**WHAT YOU HAVE TO DO**: Only the text of the records belongs in the answer; the pictures must be dropped.

**Stored data entries**:
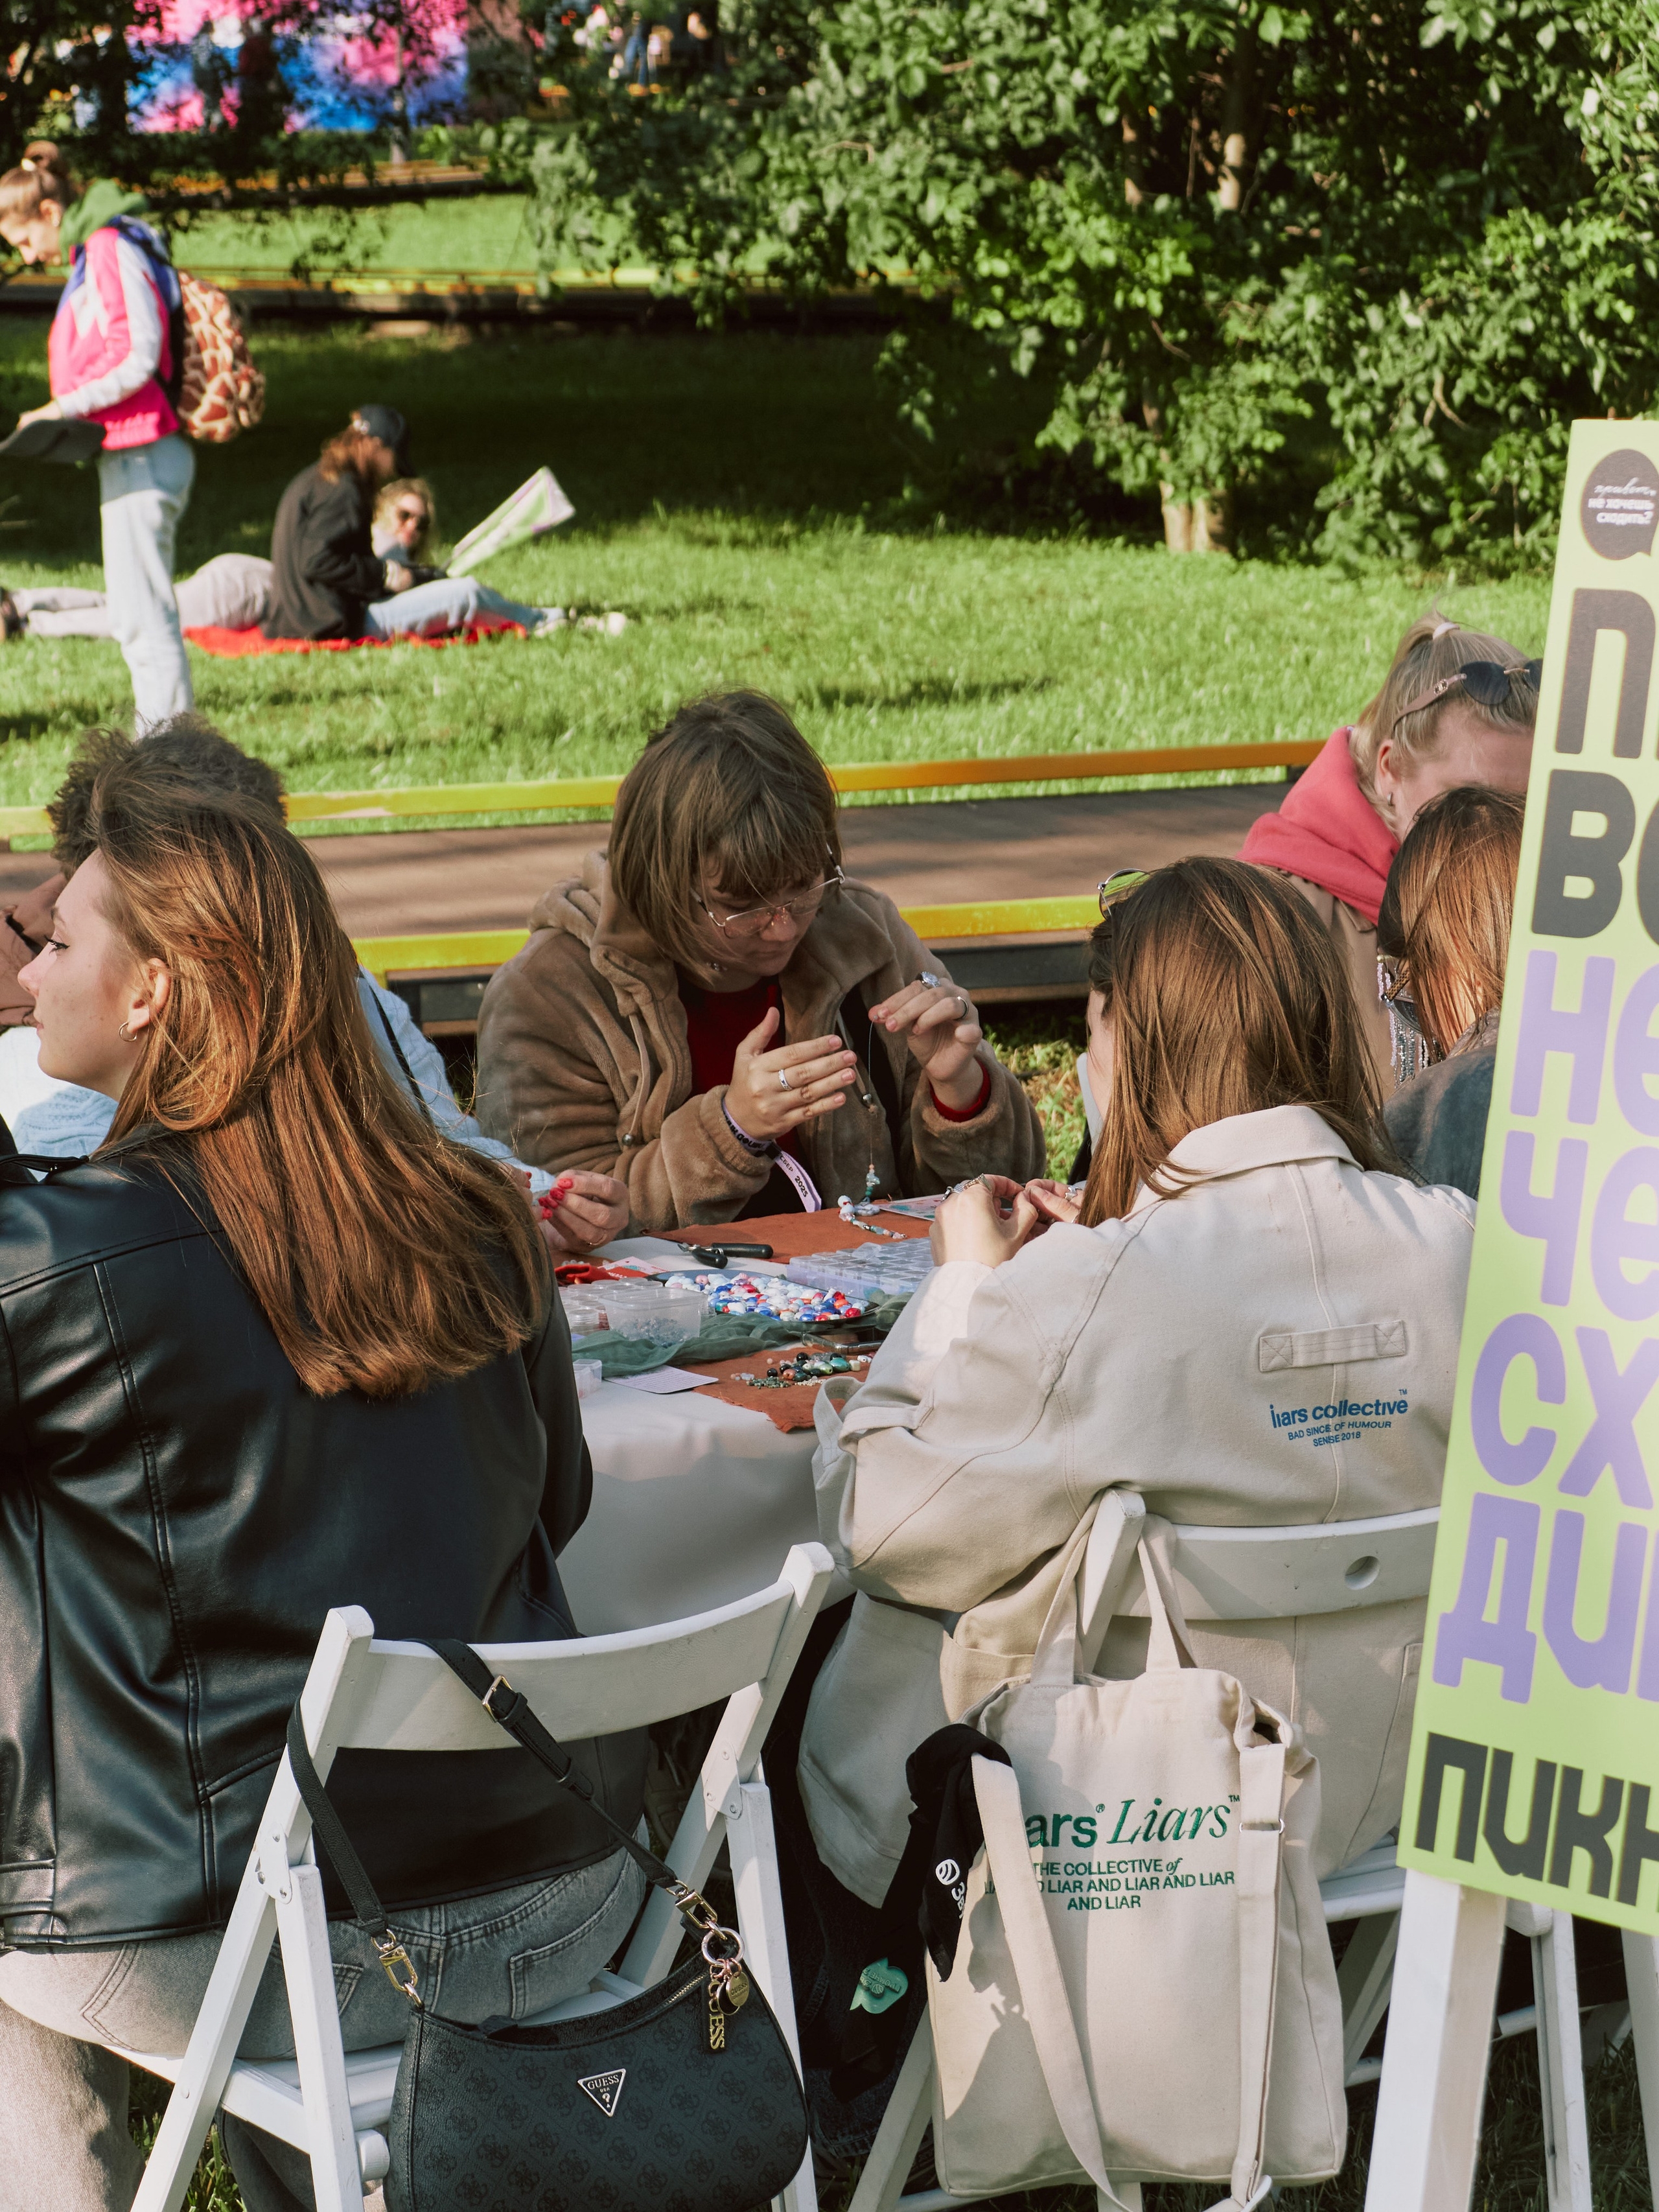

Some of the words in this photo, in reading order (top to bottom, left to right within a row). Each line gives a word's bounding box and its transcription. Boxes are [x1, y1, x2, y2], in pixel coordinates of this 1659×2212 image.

[1555, 588, 1659, 760] П
[780, 1155, 793, 1172] СБЕР
[795, 1176, 808, 1197] 2025
[1288, 1429, 1305, 1440] BAD
[1306, 1424, 1331, 1436] SINCE
[1334, 1422, 1345, 1431] OF
[1313, 1435, 1340, 1447] SENSE
[1341, 1431, 1361, 1441] 2018
[1034, 1862, 1061, 1876] THE
[1064, 1859, 1163, 1876] COLLECTIVE
[1166, 1857, 1183, 1874] of
[1048, 1880, 1083, 1893] LIAR
[1087, 1879, 1121, 1892] AND
[1125, 1877, 1159, 1891] LIAR
[1163, 1874, 1196, 1889] AND
[1200, 1871, 1235, 1886] LIAR
[1067, 1896, 1102, 1911] AND
[1105, 1896, 1141, 1909] LIAR
[731, 1983, 747, 1995] GUESS
[587, 2075, 619, 2090] GUESS

**RESPONSE**:
Some of the words in this photo, in reading order (top to bottom, left to right within a row). Each line gives a word's bounding box and its transcription. Boxes are [x1, y1, x2, y2], in pixel coordinates of this 1659×2212 image.

[1555, 588, 1659, 760] П
[780, 1155, 793, 1172] СБЕР
[795, 1176, 808, 1197] 2025
[1288, 1429, 1305, 1440] BAD
[1306, 1424, 1331, 1436] SINCE
[1334, 1422, 1345, 1431] OF
[1313, 1435, 1340, 1447] SENSE
[1341, 1431, 1361, 1441] 2018
[1034, 1862, 1061, 1876] THE
[1064, 1859, 1163, 1876] COLLECTIVE
[1166, 1857, 1183, 1874] of
[1048, 1880, 1083, 1893] LIAR
[1087, 1879, 1121, 1892] AND
[1125, 1877, 1159, 1891] LIAR
[1163, 1874, 1196, 1889] AND
[1200, 1871, 1235, 1886] LIAR
[1067, 1896, 1102, 1911] AND
[1105, 1896, 1141, 1909] LIAR
[731, 1983, 747, 1995] GUESS
[587, 2075, 619, 2090] GUESS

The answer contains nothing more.